思えば「何者」はいつも僕と同じ方向を見ていた。

決して並んでいるわけではない。僕は、いつも「何者」の後ろに立ち、彼が見ている景色を、そして彼の行動を見ていた。

 

だから僕は、彼の顔を見たことがない。

そのたくましい背中だけが脳裏に残っているのだった。

 

これは、朝井リョウの小説「何者」についての話である。

 

この物語は、主人公「二宮拓人」の目線で展開していく。

彼は、狂言回しだ。周りの描写を僕ら読者に向けて、冷静に、正確に、伝えてくれる。

 

仲間内から分析力があると言われるのも納得である。彼以外、この役回りはできない。

真面目過ぎる「端月さん」にも、自分語りに必死な「隆良」にもキツイ。

4月でノースリーブを着てしまう「ユウナさん」は論外だ。

 

僕らは「二宮拓人」を通して、物語を知っていく。「何者」という小説の背中をなぞり、彼がこれからどんな景色を目の当たりにするのかを知っていく。

 

いや知るだけではない。

 

登場人物の行動がただ時系列的に並ぶだけの物語を誰が読もうか?

常に、各々のキャラクターには評価が付きまとう。

 


真面目過ぎる理香を「意識高い系」と評する。

周りと同じく就活を選んだ人間を小馬鹿にする隆良を「自分だけが物事を考えている人間だと思っている」と評する。
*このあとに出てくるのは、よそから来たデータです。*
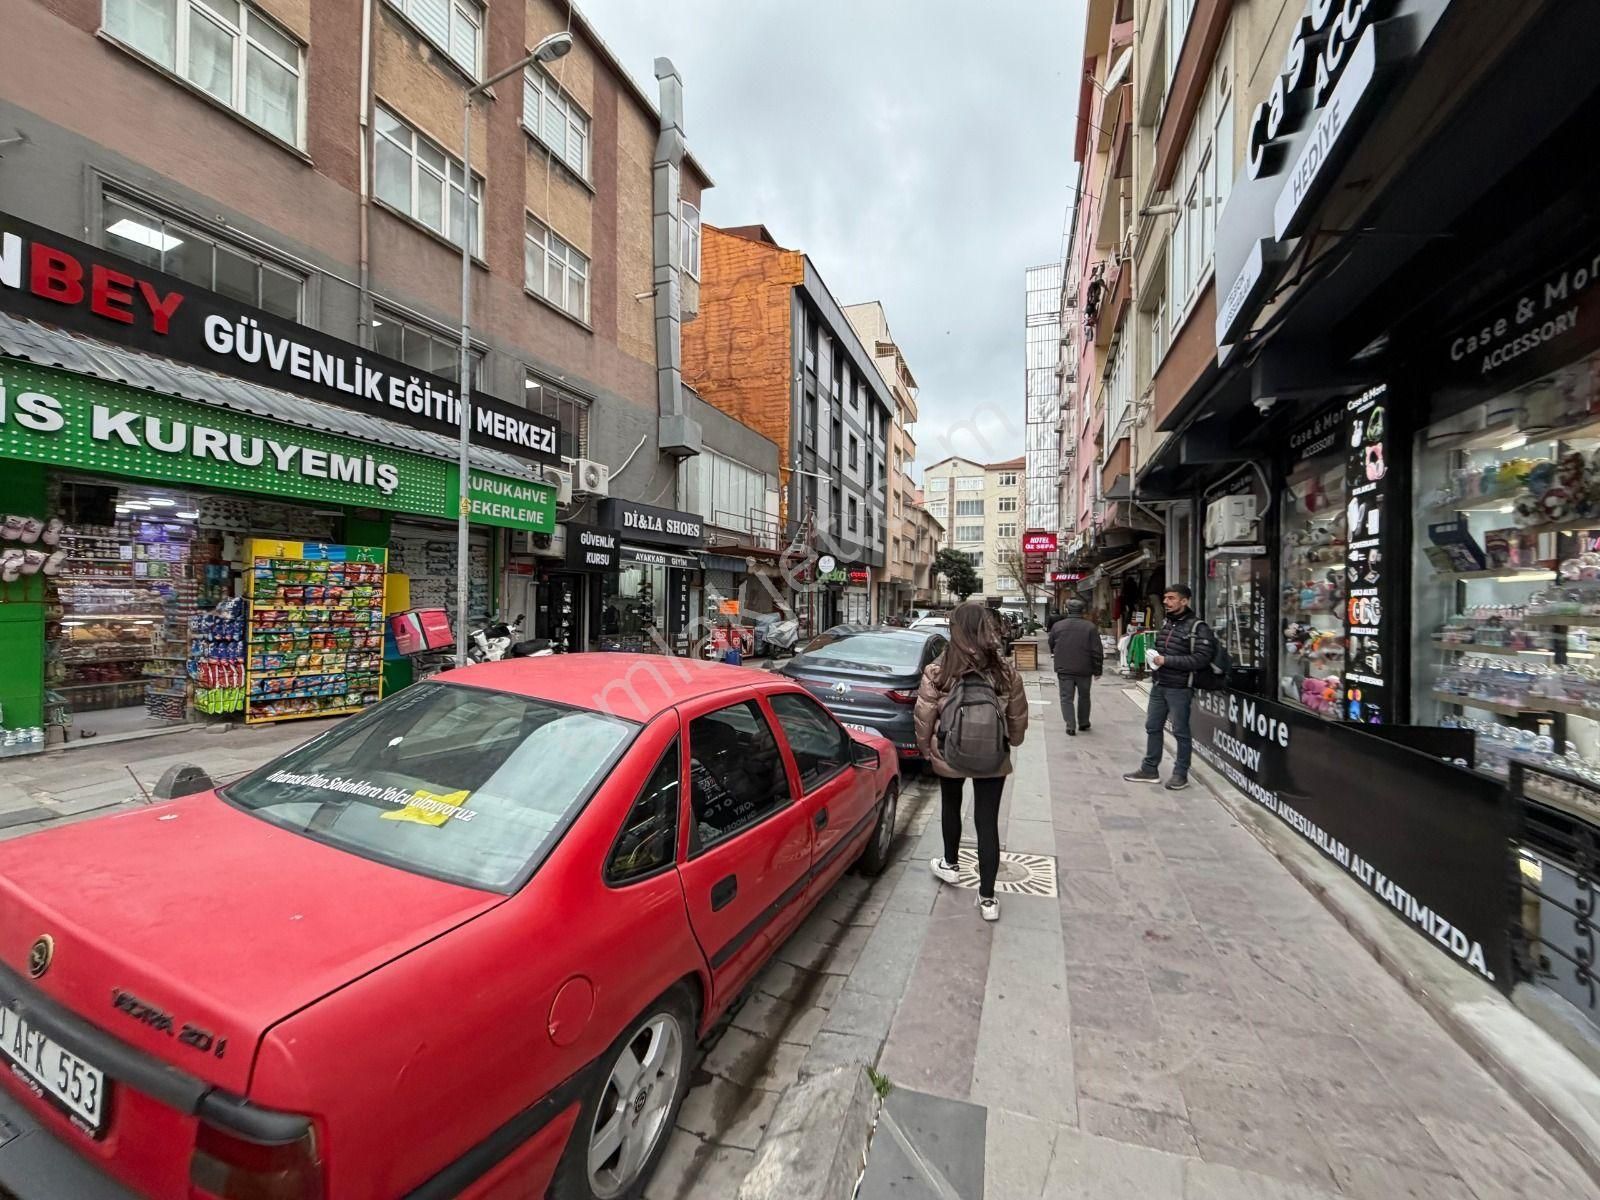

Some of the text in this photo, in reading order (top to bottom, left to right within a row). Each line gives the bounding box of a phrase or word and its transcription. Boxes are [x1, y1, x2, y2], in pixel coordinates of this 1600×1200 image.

[1451, 317, 1507, 361] Case
[1515, 296, 1536, 325] &
[1481, 305, 1579, 373] ACCESSORY
[204, 315, 384, 402] GÜVENLİK
[477, 406, 556, 455] MERKEZİ
[92, 405, 399, 496] KURUYEMİŞ
[1301, 433, 1336, 460] ACCESSORY
[580, 531, 615, 549] GÜVENLİK
[623, 509, 700, 538] Dİ&LA SHOES
[586, 552, 609, 566] KURSU
[635, 553, 666, 564] AYAKKABI
[1228, 694, 1239, 724] &
[1242, 698, 1289, 748] More
[1213, 727, 1261, 773] ACCESSORY
[377, 786, 412, 807] Yolcu
[407, 794, 478, 822] almıyoruz
[1247, 778, 1278, 812] MODELİ
[1277, 800, 1350, 868] AKSESUARLARI
[1350, 854, 1375, 886] ALT
[1375, 871, 1496, 982] KATIMIZDA.
[12, 1016, 46, 1079] AFK
[57, 1050, 98, 1115] 553
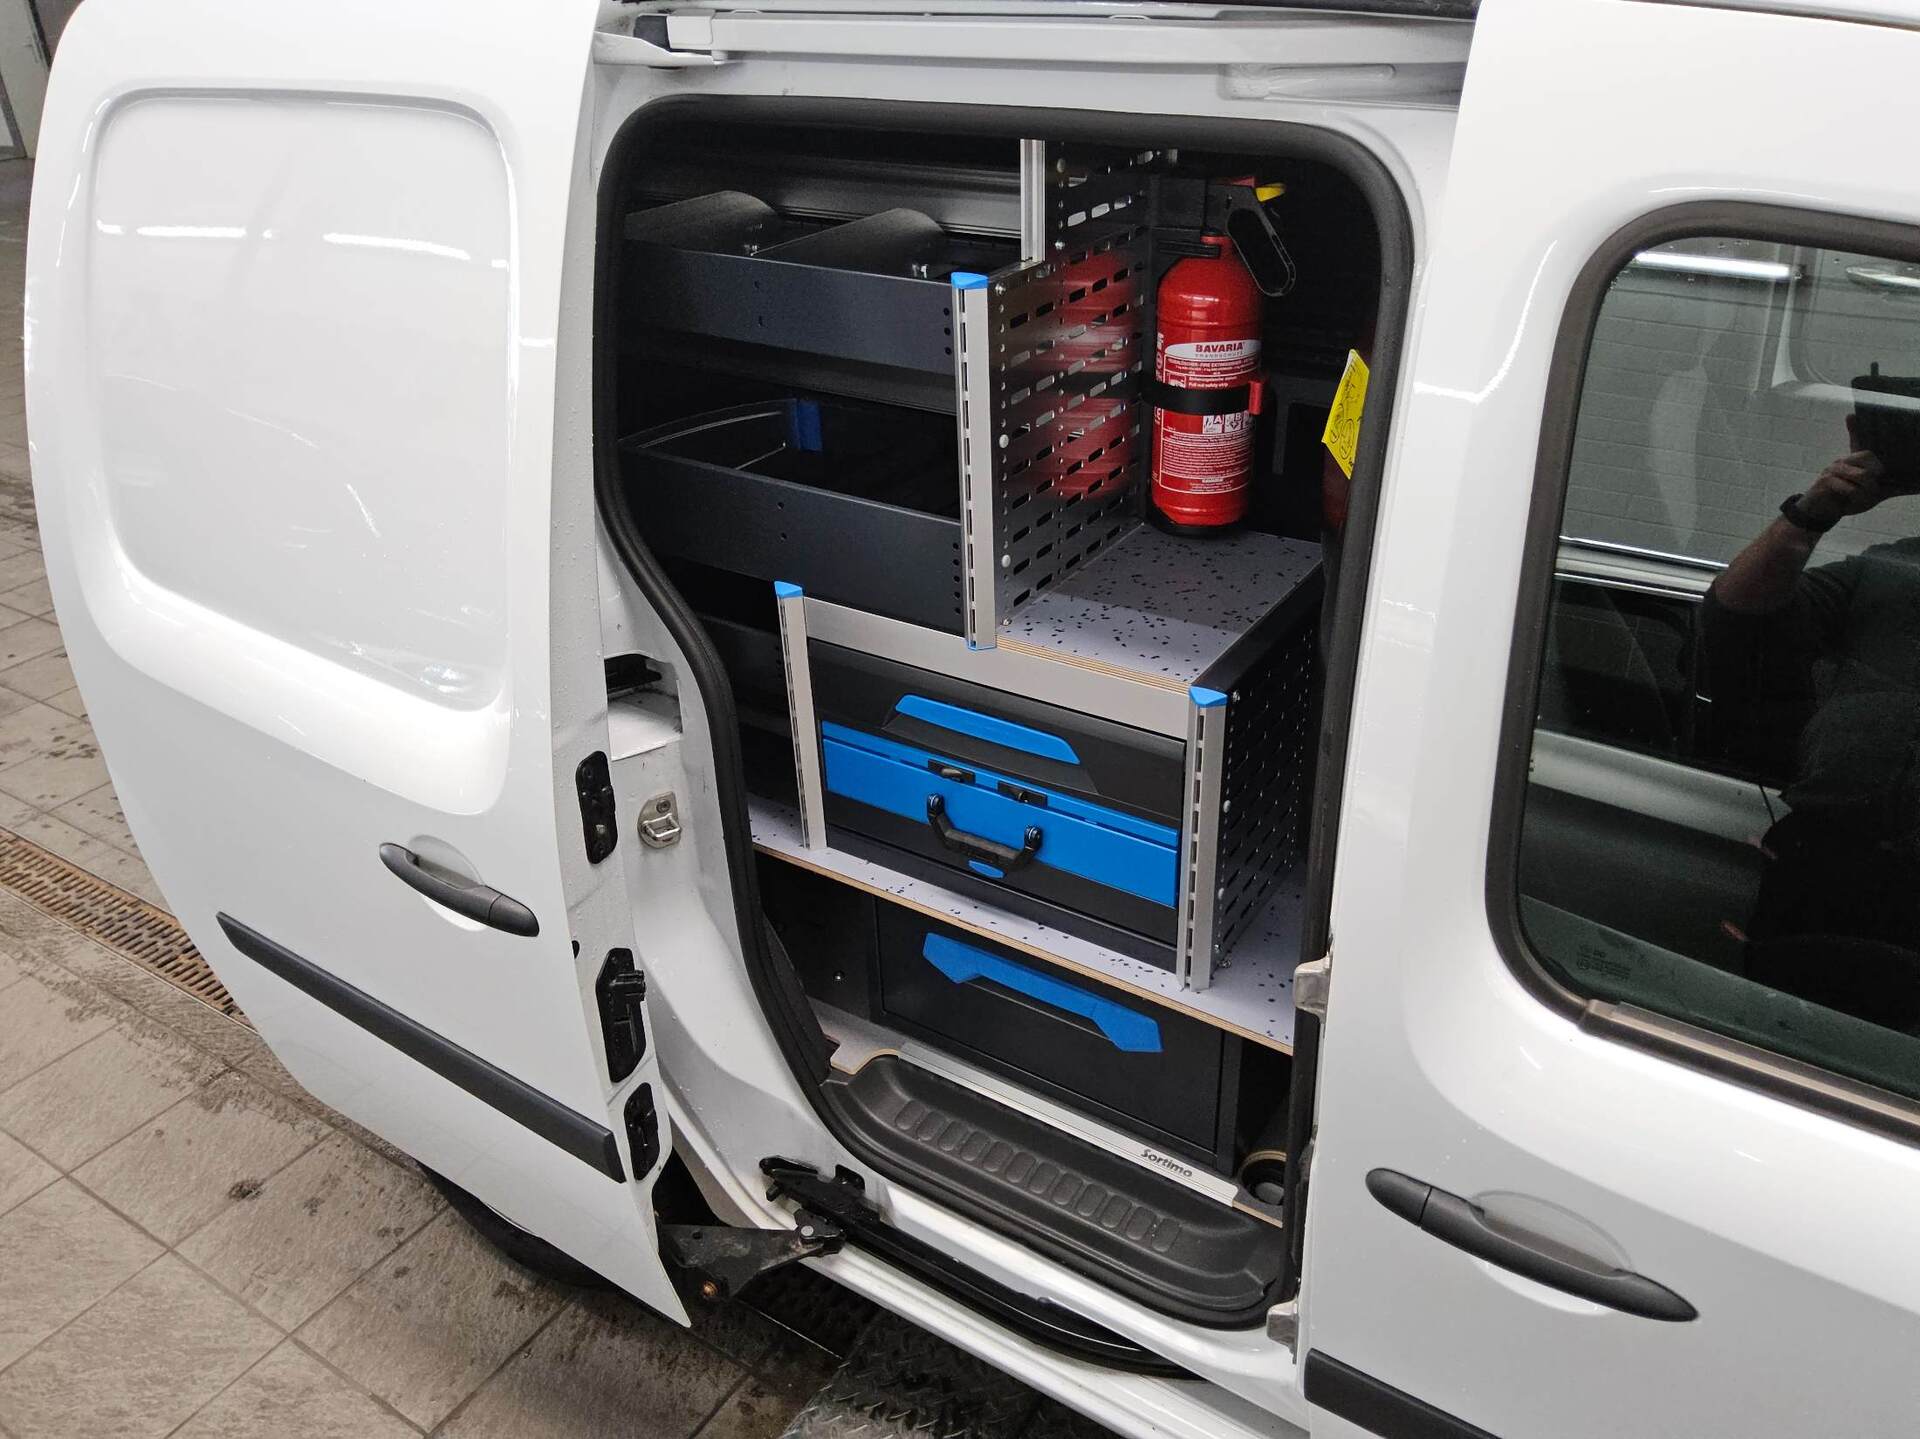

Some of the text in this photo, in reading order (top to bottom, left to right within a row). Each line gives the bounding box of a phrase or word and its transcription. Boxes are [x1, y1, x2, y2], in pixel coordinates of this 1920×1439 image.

[1195, 342, 1244, 353] BAVARIA
[1213, 415, 1222, 424] A
[1140, 1148, 1193, 1178] Sortimo
拓人に近い考えを持ちながら、ピエロを演じることのできる光太郎を「世渡り上手」と評する。

 

 

評価しているのは誰だ?

 

主人公「拓人」だ。

 

 

だが、

拓人だけじゃない。

 

 

僕らもだ。

 

「あぁ、いるな、こういつ人。」と傍観者たる僕らは、評価を下している。

 

「理香」は準備だけ気合い入れているけど上手くいかなさそうだな。

「隆良」は、なんだかんだ口だけの奴だな。

「光太郎」って社会に出ても成果だしそうだな。

「端月さん」は、大人だなぁ。可愛いなぁ。

「ユウナさん」は全然、出てこないなぁ。

「サワさん」、実写化だと山田孝之がやるのか。 

 

 

しかし、最後の最後。

拓人が理香と対面するシーン。内定が出ず、二人とも就活で疲れている時期。

 

そこで、理香が拓人に向けて衝撃的な事実を告げる。

それは、僕らが後ろか見ていた「何者」が、こちらを振り向いた瞬間でもあった。

 

 

 

「そんなんだから・・・」

 

 

 

 

「就活2年目になっても内定0なんだよ。」

 

 

理香はさらに言葉を続ける。

 

 

「拓人くんは、みんな、自分よりは不幸であって欲しいって思ってる。その上で自分は観察者でありたいって思ってる」

 

「私はね、誰かのことを観察して、ひそかに笑って、それで自分が別の次元に立っているなんて錯覚したりしない。絶対しない。」

 

 

同時に、こちらを振り向いていた「何者」は、僕らにつかつかと歩み寄り、殴りかかった。

 

登場人物たちを、拓人の一緒になって俯瞰して見つめていた読者。

傍観者である僕らに、「何者」は鋭い一撃を与えてきたのだ。

 

 

この日、僕は、「何者」に殴られたのである。

 

 

(完)

 

 

 

 

P.S ちなみにこのコラムを書いている時、擬人化された「何者」のイメージは、

 

 

 

f:id:mizutanikengo:20161029162859j:plain

 

なんか知らんけどこいつでした。